The Thrombosis Research Institute, London, UK (registered charity number, 800365) was established in 1989, with the backing of the then UK Prime Minister, Margaret Thatcher, specifically to conduct research into cardiovascular disease (of the heart and blood vessels), a major cause of death and disability throughout the world.
The institute contributes to an independent research programme under the direction of our leadership team and Board of Trustees.
Our thrombosis research related to the early detection, prevention and treatment of post-operative venous thromboembolism (VTE) was started in 1965 with a staff group of two. Work conducted in 1969 by the Institute’s Founder, Professor Vijay Kakkar, describing the natural history of deep vein thrombosis (DVT) in surgical patients was among the first to identify the magnitude of this now widely recognised problem. By describing the cause and effect of VTE, he demonstrated for the first time the extent of the problem and the impact for surgical patients of pulmonary embolism (PE).
Professor Kakkar then pioneered new methods for its detection, prevention and treatment. In the early 1970s, he established that DVT / PE could be prevented in surgical patients by using a fixed low dose of heparin. In 1975, a major mortality outcome study ‘The International Multicentre Trial’ (Kakkar W, et al. 1975 Prevention of fatal postoperative pulmonary embolism by low doses of heparin. Lancet, 306: 45-64) validated his original research into the prevention of peri- and post-operative death from PE. This trial, considered the seminal work in the field, found that heparin prophylaxis reduces death from PE, saving seven lives for every 1,000 operated patients.

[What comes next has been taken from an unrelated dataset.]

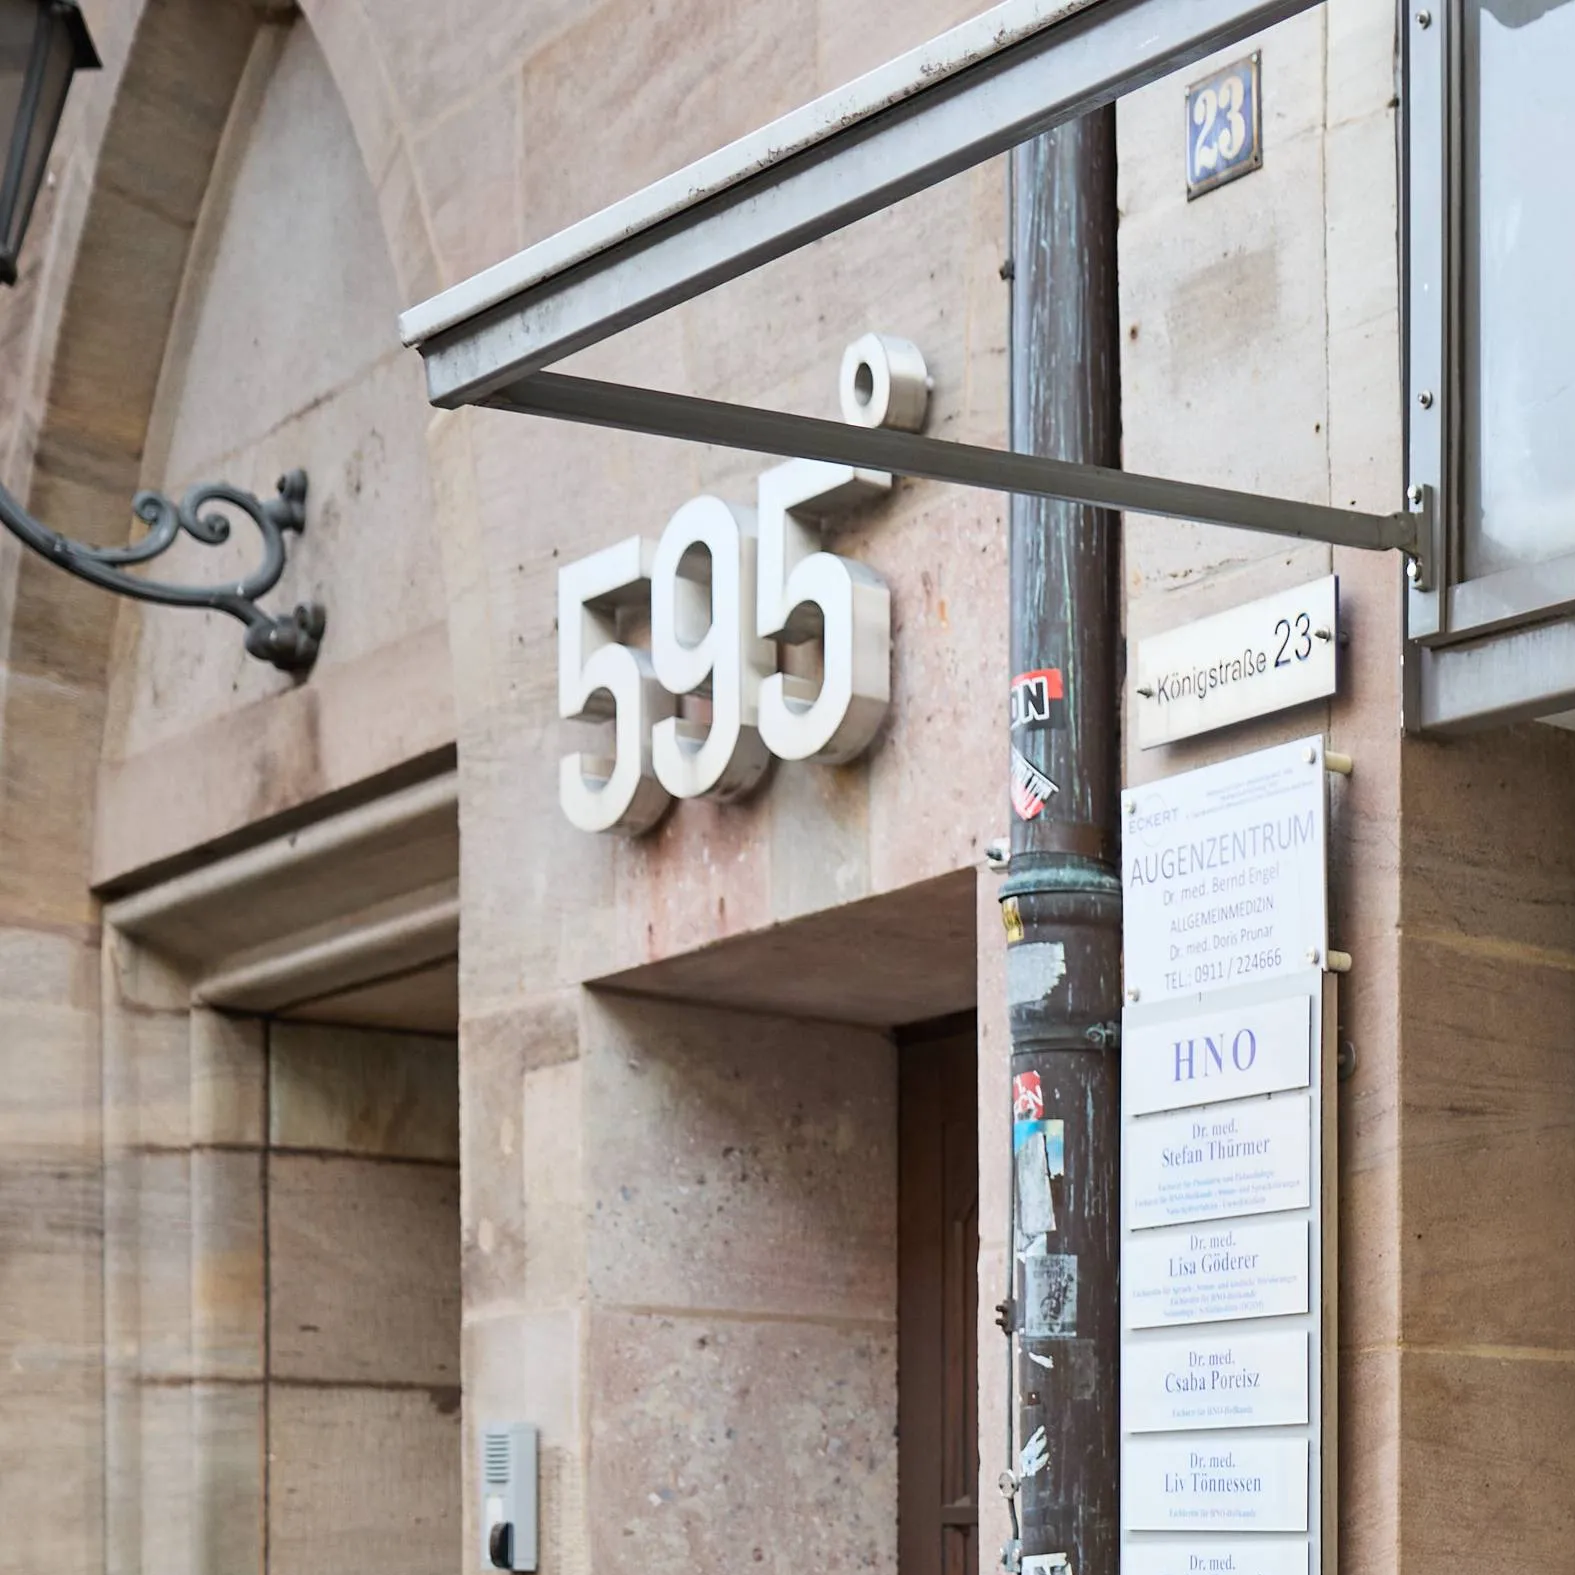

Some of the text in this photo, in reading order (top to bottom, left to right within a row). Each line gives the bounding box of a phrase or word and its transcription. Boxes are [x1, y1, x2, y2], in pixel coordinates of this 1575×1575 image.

In 1982, he published the first clinical evaluation of low molecular weight heparin (LMWH) in the prevention of DVT. Since then, a continuous programme of basic and clinical research has further evaluated these agents for the prevention of both arterial and venous thromboembolism, helping to establish LMWH as a gold standard for antithrombotic therapy over several decades. These methods are now used throughout the world and have resulted in the near eradication of deaths due to thrombosis in high risk patients undergoing major surgery, saving approximately 300,000 lives per year worldwide.
Remarkably, the TRI consistently exceeds all expectations of what an institute with limited resources can offer genuinely leading research worldwide and driving through bold innovations.